Kim Huett bought Hyphen #8 for $35. Tony Berry has sent me copies of his fanzine, Eyeballs In the Sky. Including #5 "about obsessions... two women, from different sides of the Atlantic, wrote about the same thing: shoes... Both Pam and Lucy find it necessary to go out and buy vast amounts of footwear, and then go out and buy some more." But it will cost you. No more of this whining about "I don't know these people", or "I haven't voted for so long I'm gafia now" or "is this stuff on the ballot really true?" Worse yet, give up on the notion of "Common Wisdom" and it's pointing to any "obvious" winner, unless you've voted with it. Even then, I divulge nothing by saying your vote counts. In fact, I'd like to add it up, and before the deadline on May 1, 1993. So, two bucks in a ballot and then I'll accept your bids. (Questions? Call me at (707) 996-9009.)

Mail Order

The Lindsay Report Ethel Lindsay's 1962 TAFF trip report, reprinted by Joyce Scrivner. Edition limited to 150 copies. $6.50
Platen Stories by Dave Langford $4
TransAtlantic Hearing Aid D.Langford $5
Fanthology 87 edited by R. Brandt $5
A Fans' Christmas In Ireland with Walt Willis and fannish neighbors. Art by Stu Shiffman. Limited & numbered edition. $6

Money

Start up March 1992
Total March 1993
$4609.98
$3082.82

After the voting I'll give you the breakdown for the figures on it, a real financial statement.

Whole zloty shaking doing on ...

The (old) news is that certain of our European fans cannot export currency. One Zagreb voter worked out an exchange with a British fan, so that Pam did get money with the ballot. Looks as though we may need to think more about this for the future. Ideas?

® TAFFTM ©

That's right. Ah, nuts, seriously I'm not going to go the route of the Worldcon. The thought occured though when reading the collectible fanzine sale catalog to benefit the Arkadian Bookshop and TAFF. That was 10% to TAFF, which came to a tidy $60. No complaint there, but the issue was raised on the use of TAFF for commercial endeavors. It's a grey area, but mixing auctions for Fan Funds is one thing and sales for bills and new stock in a business is another. Certainly, many publications have put a percentage towards TAFF and merrily paid for themselves on the way. But I worry about TAFF showing up in other weird combinations. I'll have to be more careful with how agreeable I am to Andy Hooper's next proposition. To be honest, I am missing quite a few *interesting* photos, and here in Slubberdegullion 5 among other intriguing titles and right next to "Conventional Proustian Housewife" is "TAFF Nudes".

Frank Meadow Sutcliffe

Whitby's Limpet Photographer

The small port town of Whitby, located on a remote stretch of the northern Yorkshire coast in England, had enough character and variety to provide Frank Meadow Sutcliffe with almost infinite photographic subject matter. Any other photographer might have been attracted to Whitby's collection of masted ships and the ruins of Whitby Abbey on the heights above the harbor, and then moved on after a day. Sutcliffe, however, stayed for a lifetime and recorded the town's inhabitants and changing aspects from 1876, when he was twenty-three, until his death in 1941. No one less rooted in Whitby's everyday life could have captured the character of its fishermen, housewives, factory hands, and "wharf rats" as well as Sutcliffe did over the decades, or patiently waited for changing seasons and weather conditions to provide dramatic lighting conditions. Sutciffe once wrote of meeting a visiting photographer who waited under an archway during a summer storm, when the sun suddenly broke through the black clouds.
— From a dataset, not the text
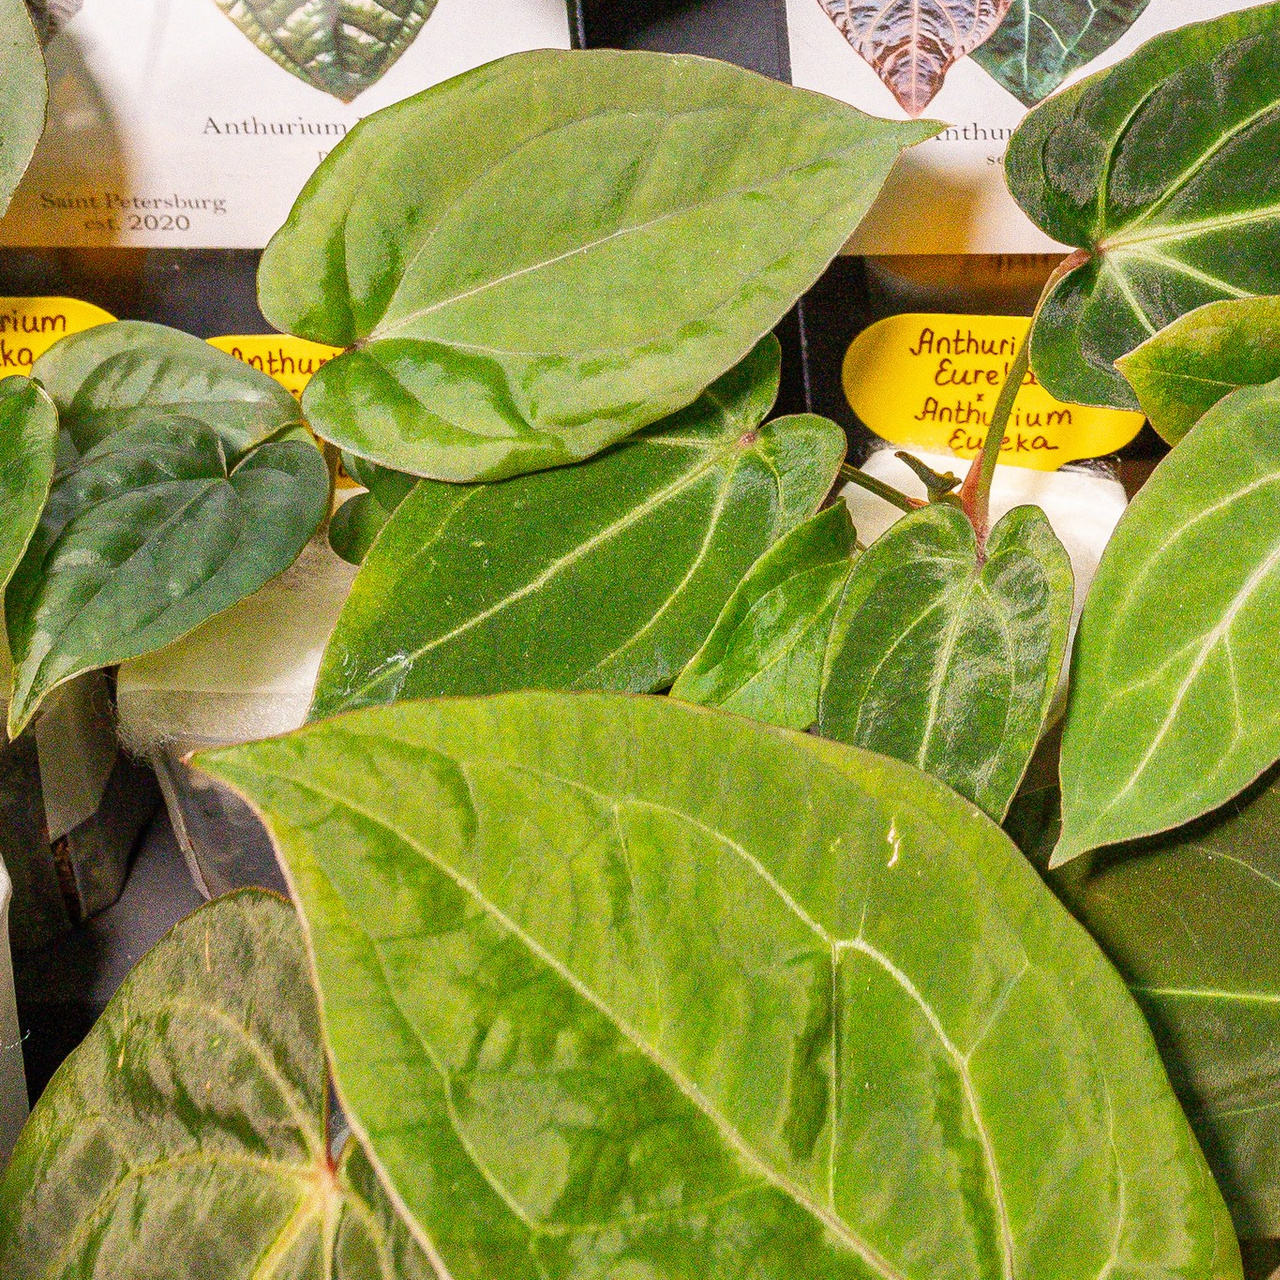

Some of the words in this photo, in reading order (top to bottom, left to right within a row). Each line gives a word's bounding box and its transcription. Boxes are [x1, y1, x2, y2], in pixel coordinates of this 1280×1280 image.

[202, 116, 348, 136] Anthurium
[103, 192, 227, 214] Petersburg
[129, 214, 191, 232] 2020
[949, 428, 1060, 452] Eueka
The effect of sunlight was so impressive and grand that I broke through all formality and asked the stranger if he was not going to take it. "Take what?" He asked. "I am waiting to take the bridge as soon as the rain stops." The bridge is there always. The grand effect of sunlight on the wet houses, with the black sky behind and the wet pavement below, reflecting both, lasted for a few minutes, and then disappeared forever. I mention this simply to show how some people wickedly throw the most splendid chances away.

Sutcliffe made a modest living as a portrait photographer, and recorded the town itself in his spare time. He passed up opportunities to develop a lucrative practice elsewhere in order to concentrate on Whitby, and thought that other photographers would also do well to tightly focus their subject matter. His suggested training exercise was to choose a subject and to fix a camera on it by fastening the camera to a stake in the ground. Then,

Photograph your subject at every hour of the day, on fine days, and at intervals on dull days, photograph it after it has been rained on for weeks, and after it has been sun-dried for months.
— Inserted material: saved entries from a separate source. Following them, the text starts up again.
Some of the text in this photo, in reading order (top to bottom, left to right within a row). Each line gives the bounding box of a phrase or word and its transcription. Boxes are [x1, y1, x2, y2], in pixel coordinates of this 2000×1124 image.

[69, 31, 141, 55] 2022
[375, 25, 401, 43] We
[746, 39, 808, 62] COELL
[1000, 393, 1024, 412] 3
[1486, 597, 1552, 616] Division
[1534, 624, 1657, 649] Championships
Sutcliffe thought of himself as a limpet, that shellfish which attaches itself to a rocky seacoast and never moves away.

His aesthetic development, however, was perhaps the equal of anyone who had travelled widely and exchanged ideas with prominent colleagues. He had a superb sense of composition, both with people and inanimate objects. His landscapes and harbor scenes can be realistic or romantic, or somehow, both simultaneously. His portraits, though posed, are remarkably natural and evocative of character.

Despite Whitby's location far from the commercial and cultural centers of England, Sutcliffe became well known in his own time, attracting praise from John Ruskin and P.H. Emerson, and winning numerous awards. He exhibited widely and quickly mastered new technical advances. (One can only regret that he did not manage to photograph Count Dracula when the vampire landed at Whitby, as related by Bram Stoker.) He retired from portrait work in 1922 and spent his remaining years as curator of the Whitby Museum.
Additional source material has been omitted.